Enviado por Unknown el sábado, 19 de abril de 2014 | 5:39 p.m.










LA PASCUA DE CRISTO Y LA DE UN SANTO
San Francisco es conocido en todo el mundo por ser el hombre alegre, gozoso y contento, que canta con entusiasmo las alabanzas del Señor, pero quien profundiza en la alegría franciscana, necesariamente se encuentra también con la austeridad.

Los mismos lugares donde vivió San Francisco nos dan prueba, por una parte de lo bello, lo alegre (el valle de Asís) y por la otra esas grutas en las que San Francisco se daba a la oración; queda uno asustado de la austeridad de esos lugares en los que vivía San Francisco.

Es indudable que el jueves y el viernes desembocan en el domingo de resurrección, día de alegría y júbilo por el Hijo de Dios que venció a la muerte. La Pascua de San Francisco se puede resumir en una sola palabra: LA ALEGRÍA. .

LA CONVERSIÓN. La historia de San Francisco es la de un hombre que ha penetrado poco a poco en el misterio pascual de su Señor. Los primeros encuentros fueron con el Jesús que sufre y exige que el discípulo sufra con Él.

Si hacemos un recorrido de los episodios referentes o lo que suele llamarse la conversión de San Francisco; todos ellos nos hablan de una lucha. Los años que van de los 20 a los 25, desde el diálogo con el Crucifijo hasta el despojo ante el obispo y la formación de la primera fraternidad, son años dolorosos, años trágicos, diríamos.

Si pensamos en el beso al leproso, su disfraz de mendigo en Roma, el conflicto con su padre, el regreso de Espoleto y soportar las burlas, podremos entender que San Francisco lloraba, pero no lloraba sólo por sus pecados, sino por ser un elegido de Dios sometido a la prueba del fuego purificador.

Comenzaba su vida de fe, de conversión; en ella, como sucede con los grandes personajes (Abraham, el Bautista, etc.) debía caminar sin saber a dónde es conducido, debía suprimir lo que parece ser la condición de la vida misma, debía sacrificarse.

La renuncia definitiva se da ante el obispo. Allí comienza su peregrinar sin nada, en la soledad de su compromiso, en una adhesión a toda prueba, con una fidelidad sin vacilaciones. Pero no se trata de una marcha lenta y perezosa, sino uno carrera fogosa, dinámica, como lo había sido cuando era aclamado rey de la juventud de Asís.


Su conversión no se debilitó en nada, el mismo ardor apasionado permanece en él. Y como ahora el ímpetu y la fuente de su pasión no son lo mundano, sino el encuentro y la presencia de una comunicación inmediata con el Dios-Amor a quien se propone amar, ese fuego se duplicó.

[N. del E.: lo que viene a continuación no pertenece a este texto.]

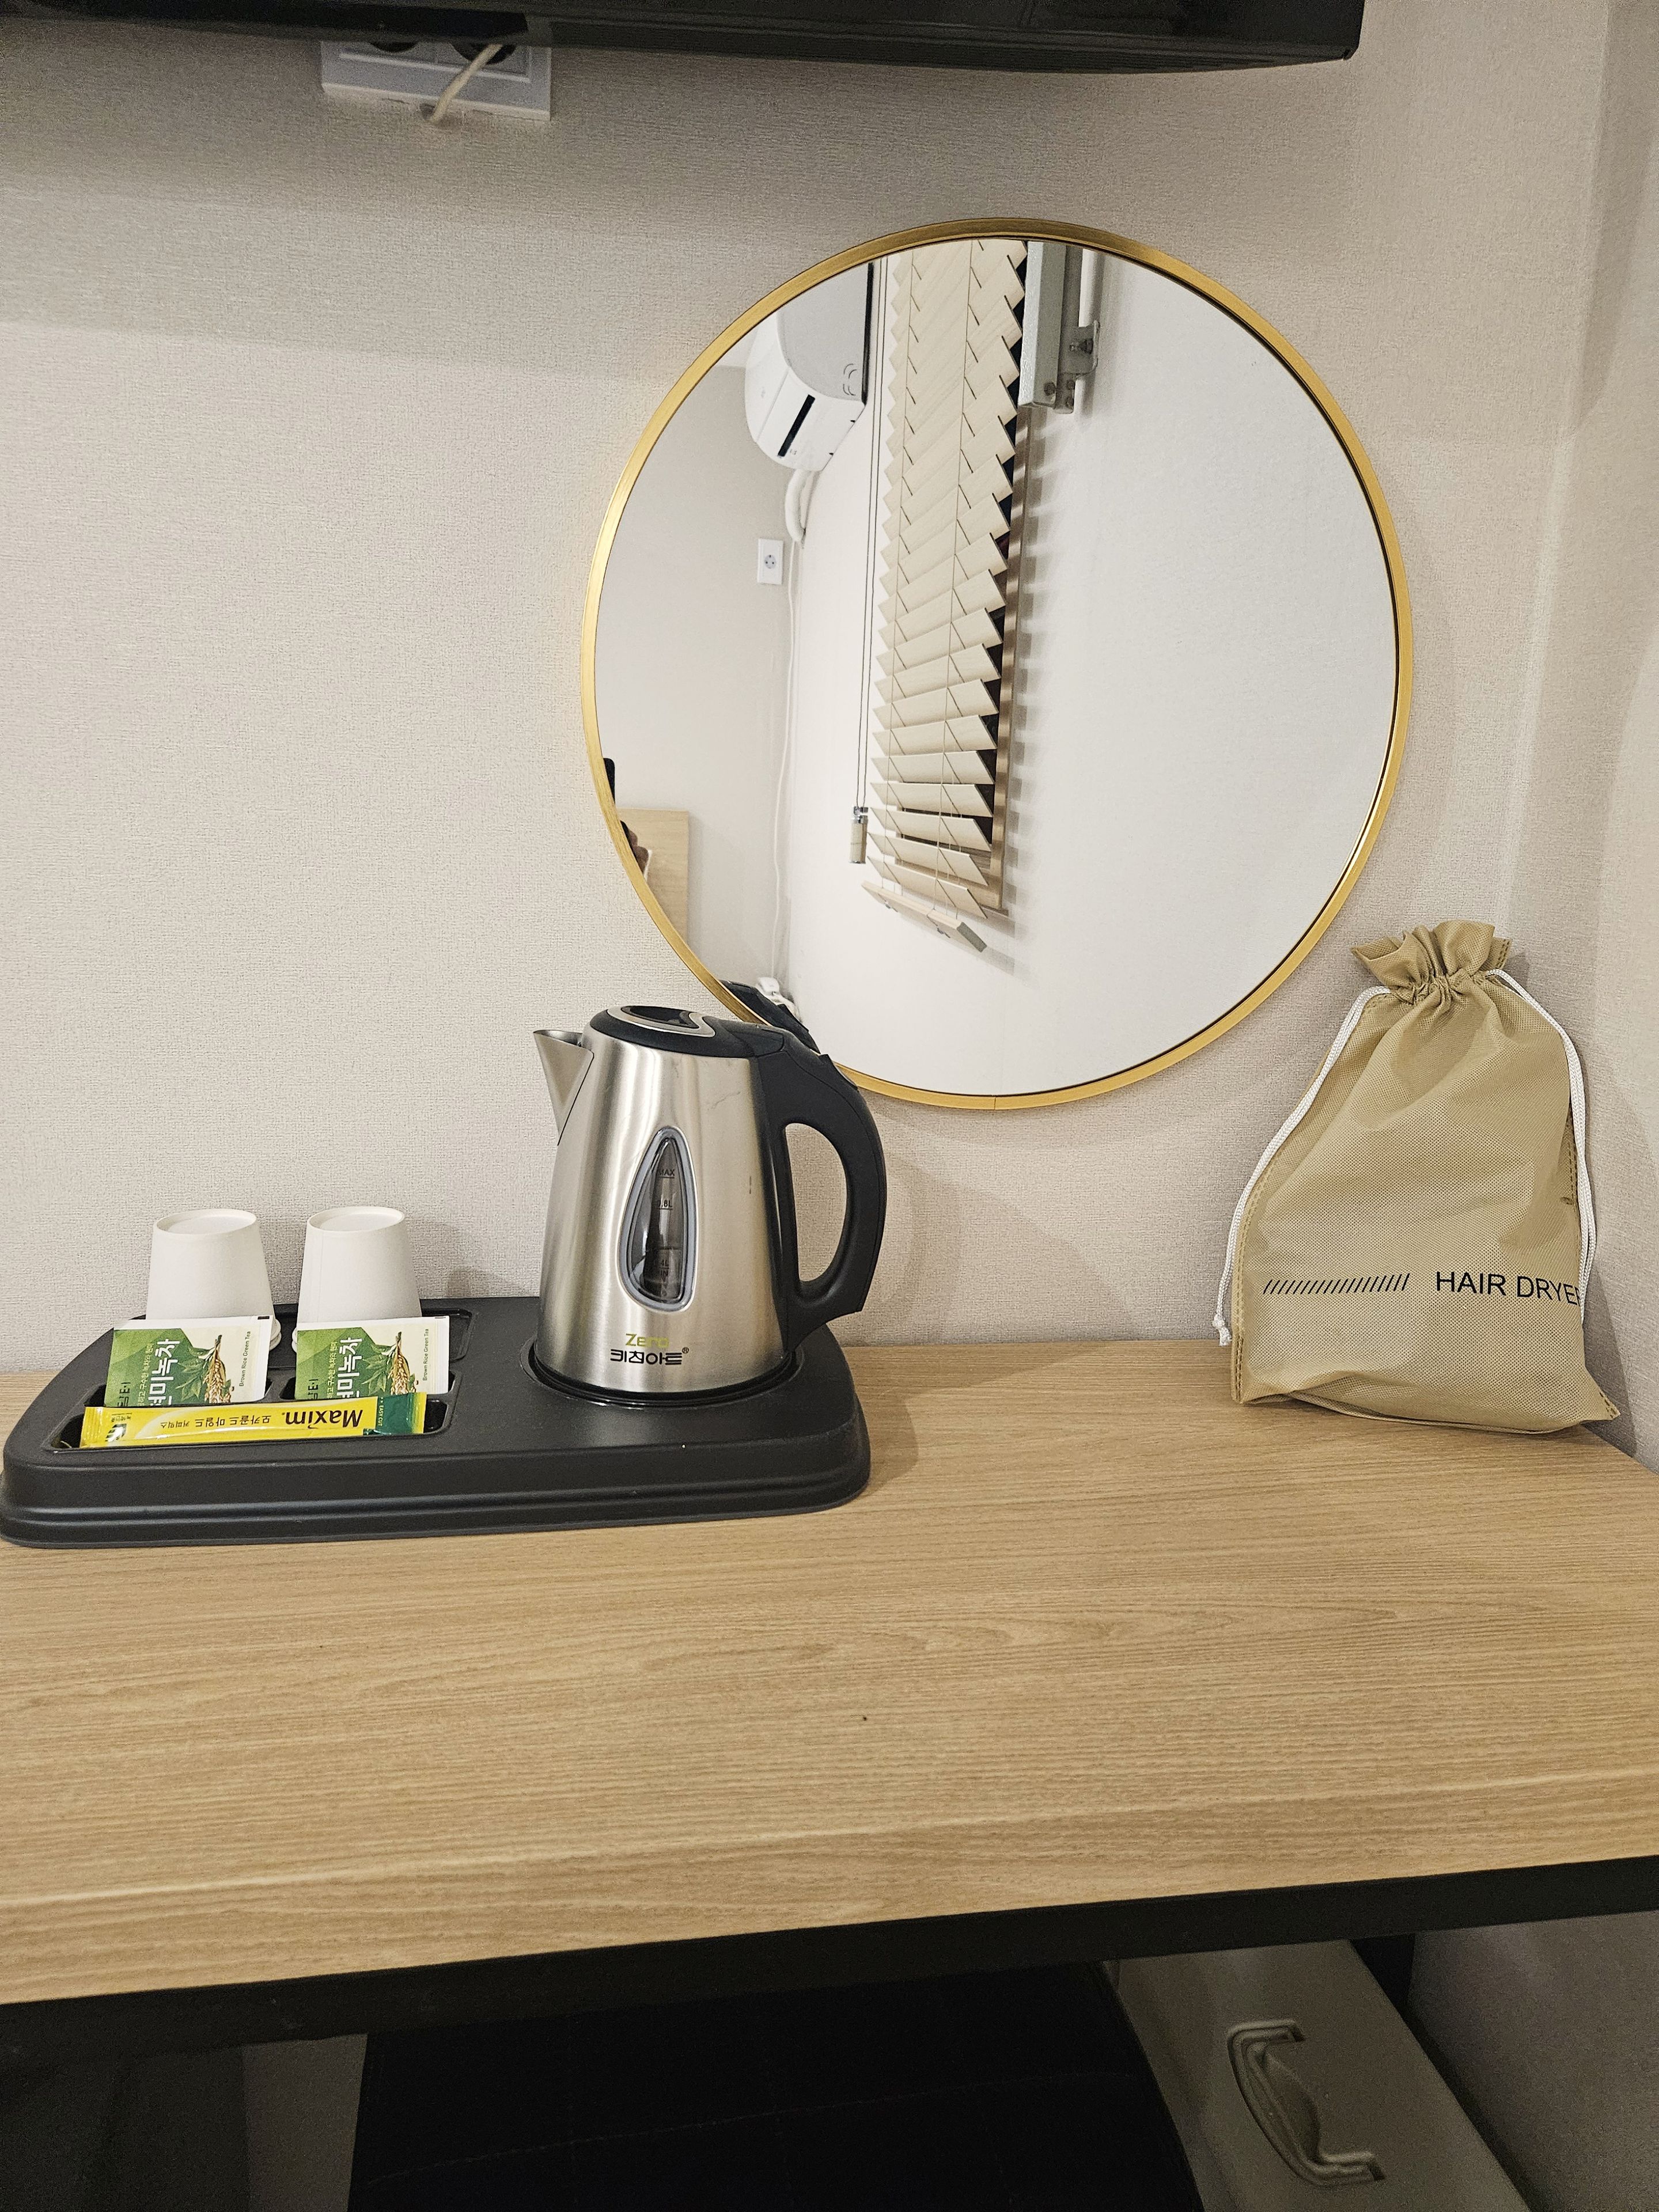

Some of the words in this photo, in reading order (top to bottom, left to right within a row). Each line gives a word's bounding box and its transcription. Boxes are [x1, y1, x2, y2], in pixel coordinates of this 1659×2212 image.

[1436, 1271, 1506, 1296] HAIR
[626, 1333, 669, 1347] Zero
[148, 1339, 180, 1406] 현미녹차
[160, 1420, 190, 1429] 커피믹스
[195, 1416, 226, 1427] 마일드
[229, 1415, 271, 1425] 모카골드
[285, 1410, 363, 1429] Maxim

Es, pues, el amor el que hace comprender el sacrificio de San Francisco; en el amor está la gran ley de la imitación que exige desposarse con la muerte para poder vivir. Ese es el centro del misterio pascual: un misterio en el que la muerte de sí mismo, es condición de vida y se impone como algo positivo, tan positivo como puede ser una pasión.
FIDELIDAD. La penitencia que caracterizó la larga etapa de su conversión, en adelante se va a llamar fidelidad. Los años van a pasar entre claridades y sombras, entre revelaciones y silencios, entre señales y carencia de ellas. Sobrevienen las grandes pruebas: al interior de la fraternidad (vuelta de Oriente), fracaso de las misiones; luchas difíciles con los hermanos y la Curia; con todo, conserva joven su corazón y fresca su pasión por Dios. Al final de su vida, como en los albores de la llamada, aún en medio de     fracasos, él cree porque Dios se ha comprometido con él para siempre.

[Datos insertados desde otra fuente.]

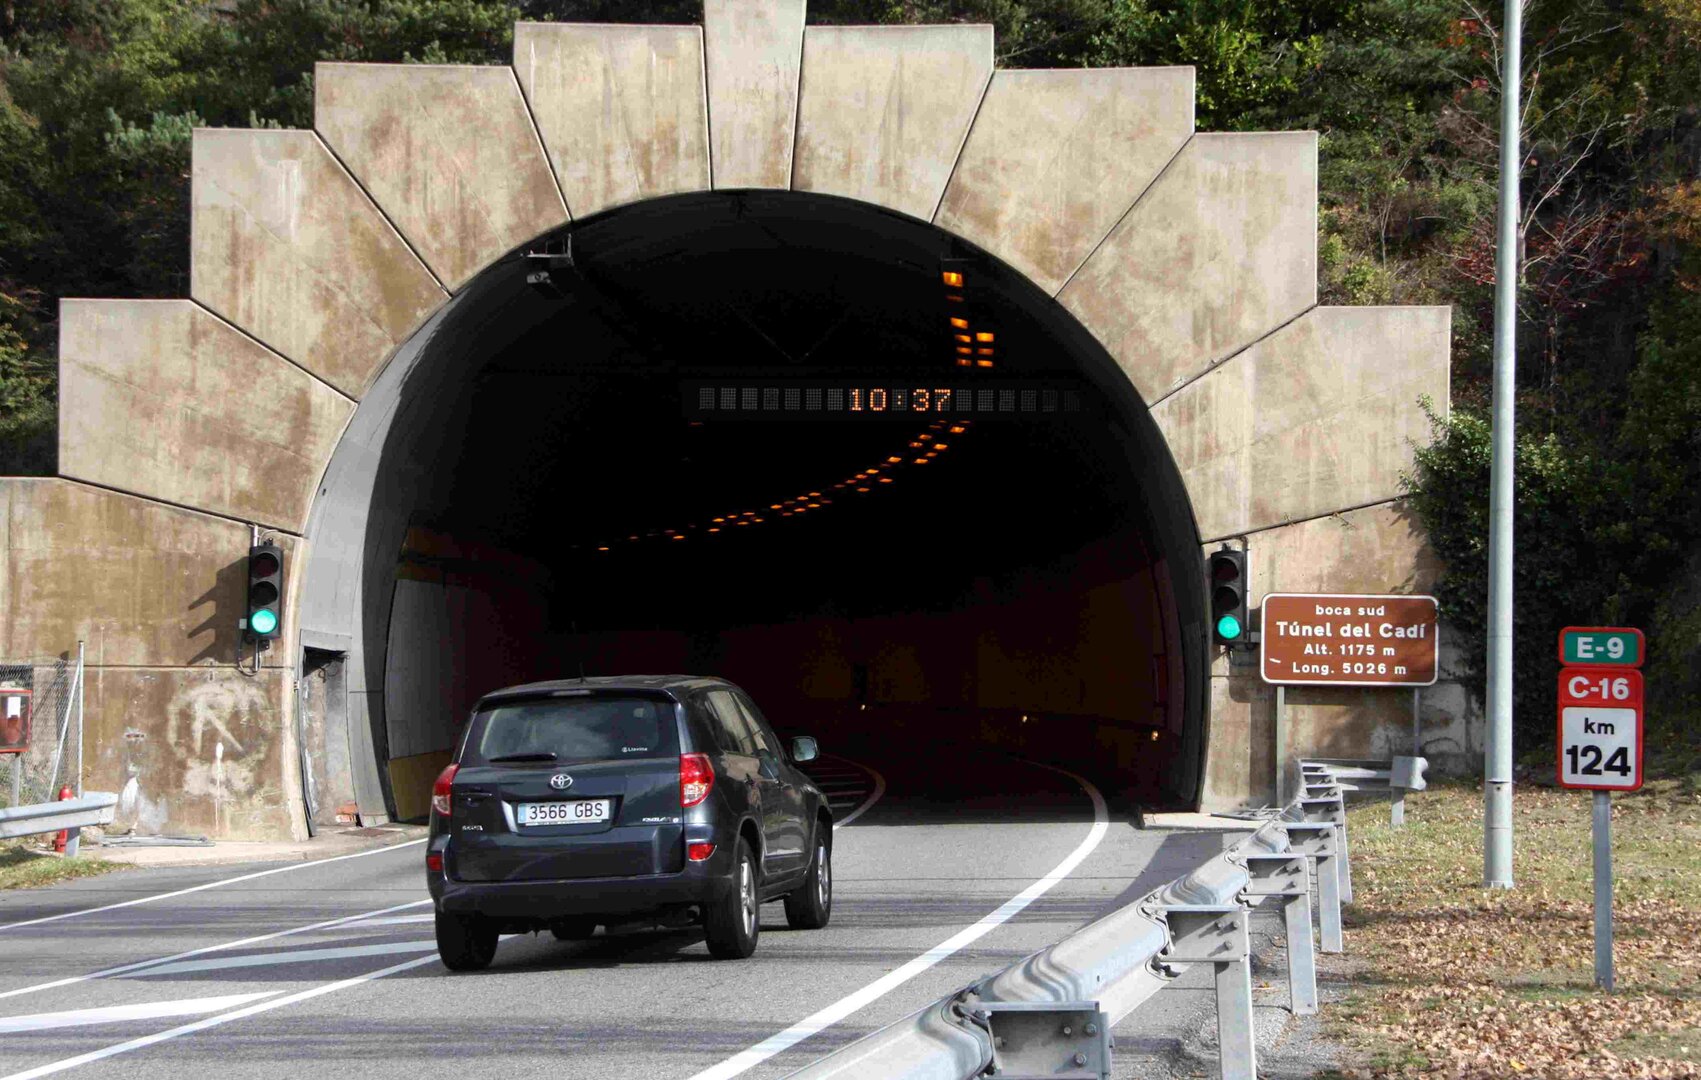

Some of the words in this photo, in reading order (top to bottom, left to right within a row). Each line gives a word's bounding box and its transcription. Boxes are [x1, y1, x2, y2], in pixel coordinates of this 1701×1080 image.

[851, 388, 951, 411] 10:37
[1315, 605, 1351, 616] boca
[1358, 605, 1385, 616] sud
[1276, 621, 1332, 637] Túnel
[1340, 623, 1371, 638] del
[1379, 623, 1426, 638] Cadí
[1304, 643, 1333, 655] Alt.
[1340, 644, 1375, 656] 1175
[1383, 646, 1396, 656] m
[1577, 637, 1624, 659] E-9
[1292, 662, 1335, 675] Long.
[1342, 663, 1387, 675] 5026
[1394, 665, 1407, 675] m
[1568, 676, 1629, 700] C-16
[1584, 717, 1615, 735] km
[1566, 745, 1631, 776] 124
[529, 804, 567, 820] 3566
[574, 802, 603, 818] GBS

LA LIBERTAD. Lo admirable es que una vida tan austera, tan colmada de penas y
sufrimientos, llevara a San Francisco a una actitud contraria a lo que usualmente se hubiera producido: el desgaste espiritual y la neurosis. Nos encontramos con un hombre cada vez más feliz. Es el milagro cristiano, el milagro de la liberación.

Una vez conquistada la libertad, su alegría fue completa. Y es que no ha habido hombre más libre que San Francisco, en quien habían sido aniquiladas las potencias del mal en virtud de la resurrección de Cristo.

Se le ha llamado el juglar de Dios, pero lo que él cantaba era la pascua. la pascua propia y la de la Iglesia entera. Lo que le hacía saltar de alegría era esa liberación realizada por Cristo.

Así pues, la alegría de San Francisco tiene poco que ver con la exigua alegría del que se levanta de buen humor por las mañanas; es verdad que esa alegría debe exteriorizarse, debe leerse en los ojos, debe ser participada, comunicada. Pero la alegría de San Francisco es la explosión del corazón de aquel para quien cada mañana es mañana de liberación; la alegría de quien está salvado y, con rapa sencilla, sin dinero, provisto únicamente de su sonrisa, va por el mundo a compartir su propia liberación pascual y su nostalgia del Reino. La alegría no de un esclavo sino de un hijo.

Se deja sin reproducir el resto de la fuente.